Your task
Could you repeat every record below exactly, leaving out the pictures?

Data provided START

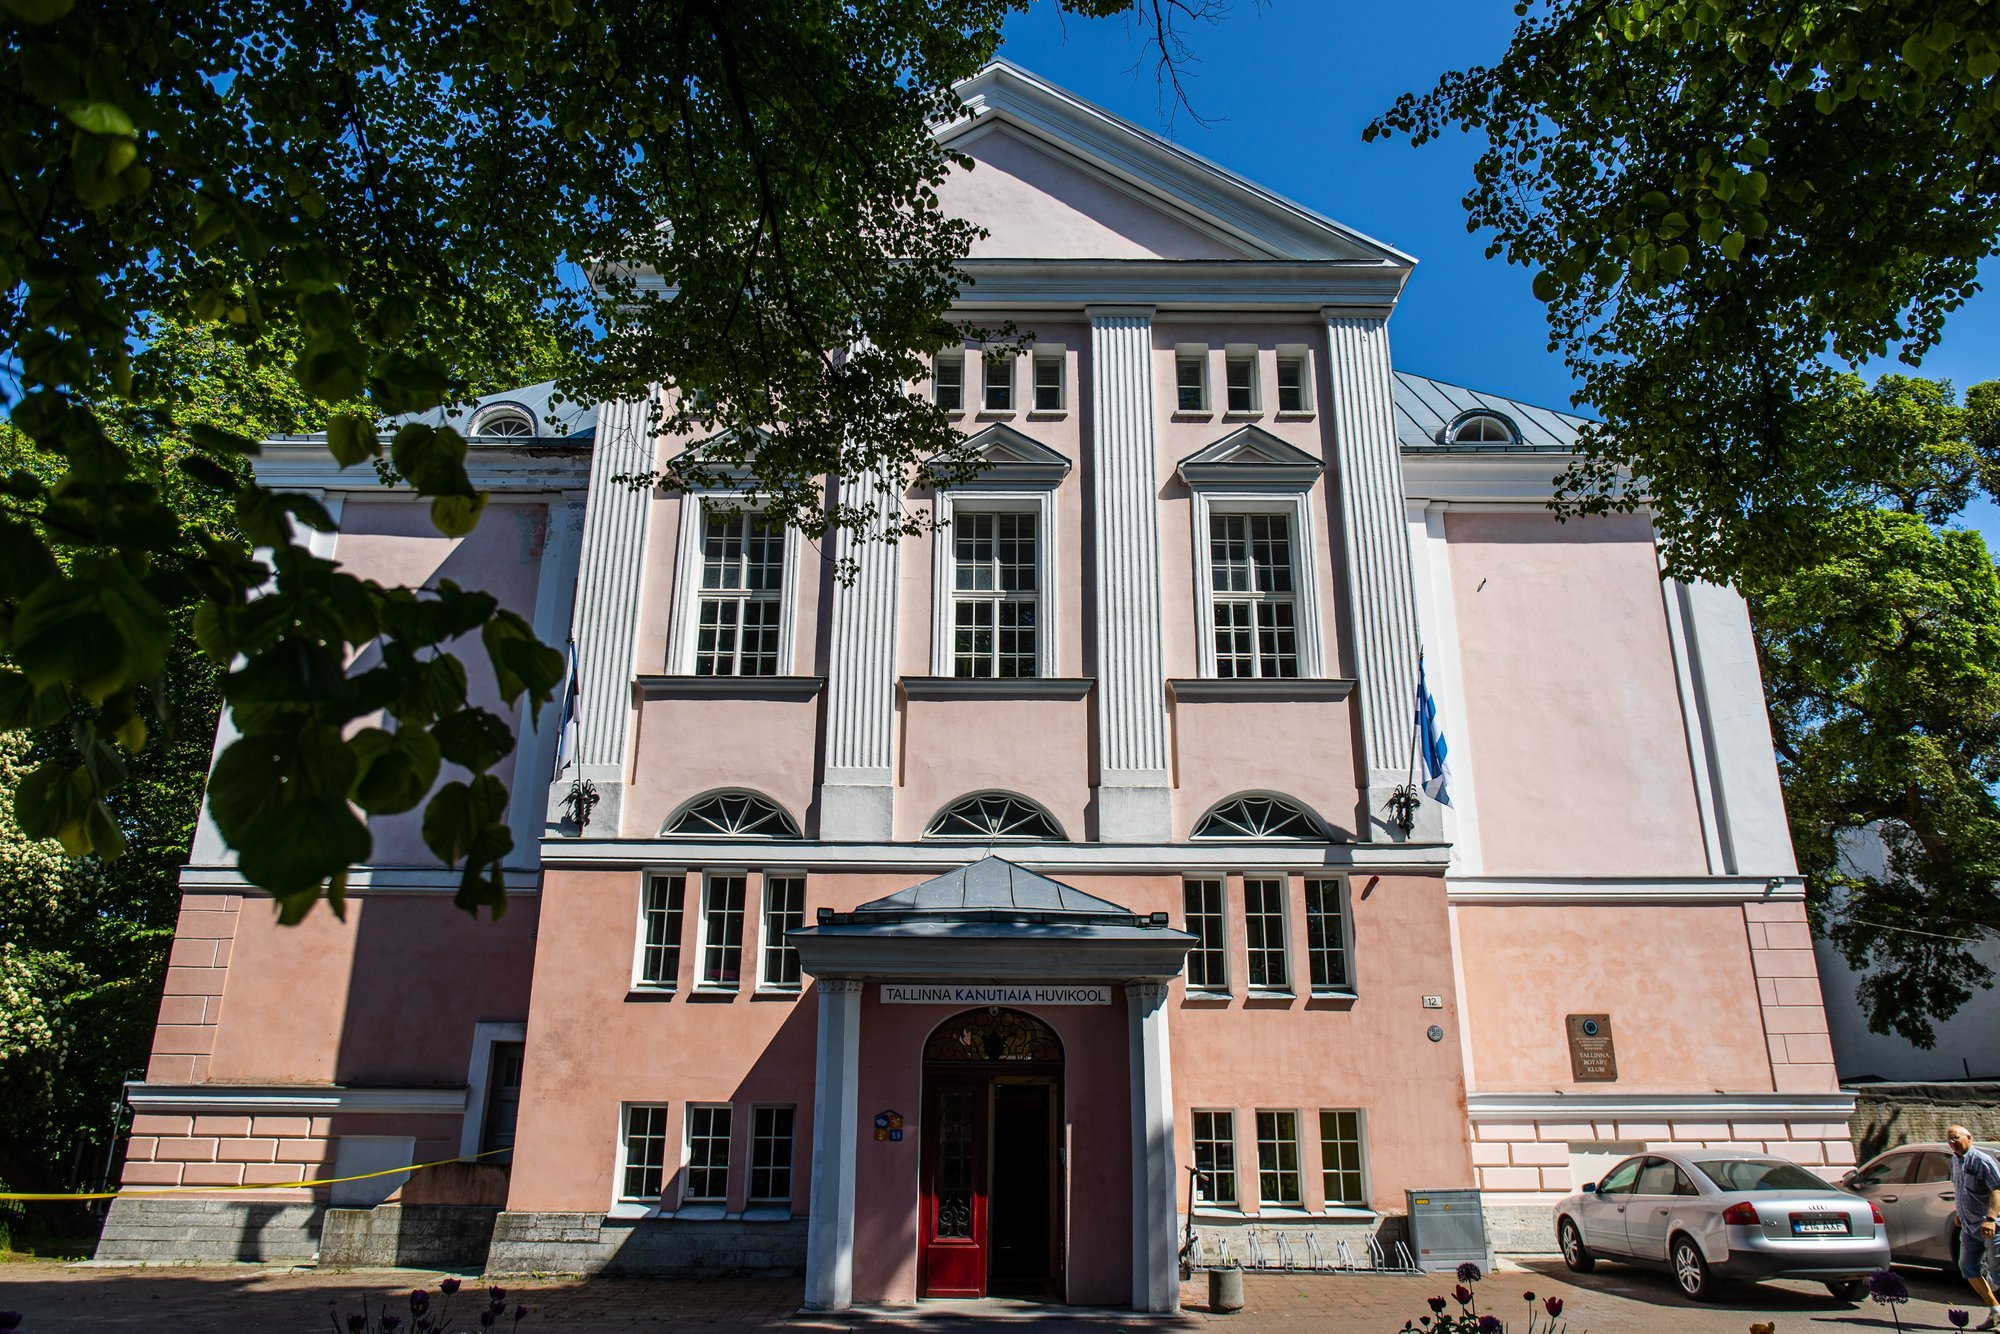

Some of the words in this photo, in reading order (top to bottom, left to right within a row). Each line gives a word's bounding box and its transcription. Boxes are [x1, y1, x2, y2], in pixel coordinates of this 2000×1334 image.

[886, 988, 952, 1001] TALLINNA
[955, 989, 1032, 1001] KANUTIAIA
[1035, 989, 1106, 1002] HUVIKOOL
[1428, 997, 1437, 1006] 12
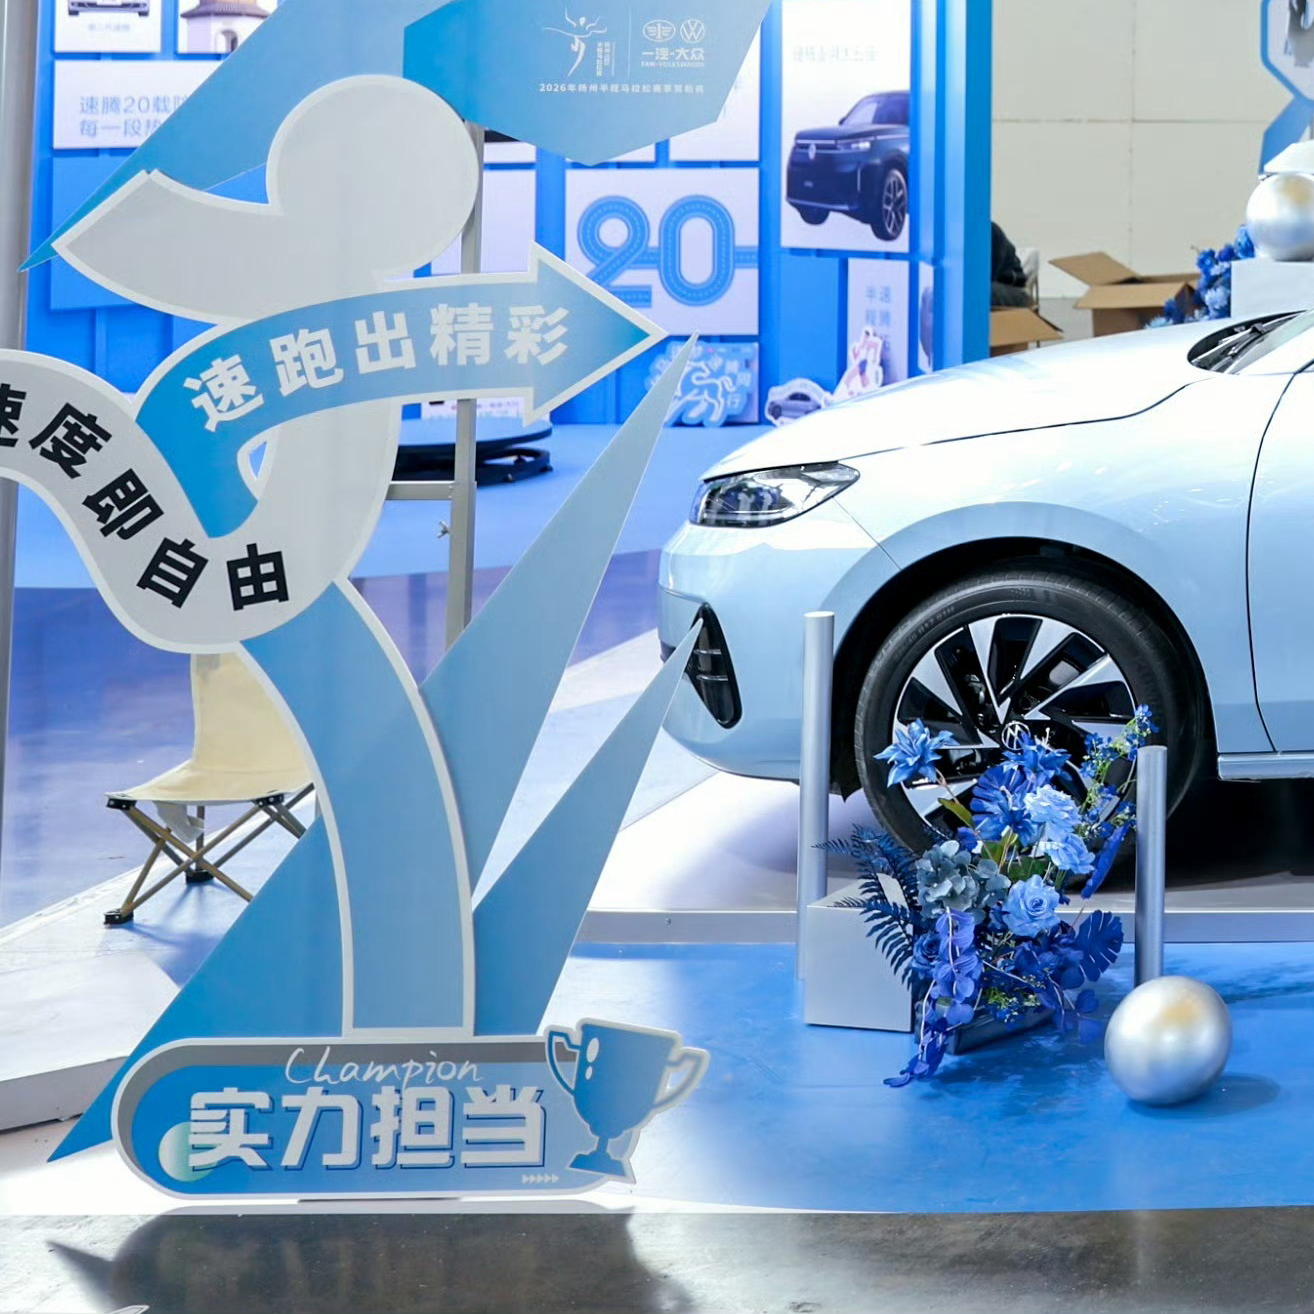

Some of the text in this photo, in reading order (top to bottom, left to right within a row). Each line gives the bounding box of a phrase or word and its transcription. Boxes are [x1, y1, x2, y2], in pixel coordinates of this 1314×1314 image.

[182, 302, 570, 432] 速跑出精彩
[285, 1046, 484, 1088] Champion
[188, 1084, 548, 1170] 实力担当

Data provided END

Output
Some of the words in this photo, in reading order (top to bottom, left to right within a row). Each line gives a word's bounding box and its transcription. Boxes are [x1, y1, x2, y2], in pixel coordinates of this 2000×1334 image.

[886, 988, 952, 1001] TALLINNA
[955, 989, 1032, 1001] KANUTIAIA
[1035, 989, 1106, 1002] HUVIKOOL
[1428, 997, 1437, 1006] 12

Some of the text in this photo, in reading order (top to bottom, left to right within a row). Each line gives the bounding box of a phrase or word and its transcription. Boxes are [x1, y1, x2, y2], in pixel coordinates of this 1314×1314 image.

[182, 302, 570, 432] 速跑出精彩
[285, 1046, 484, 1088] Champion
[188, 1084, 548, 1170] 实力担当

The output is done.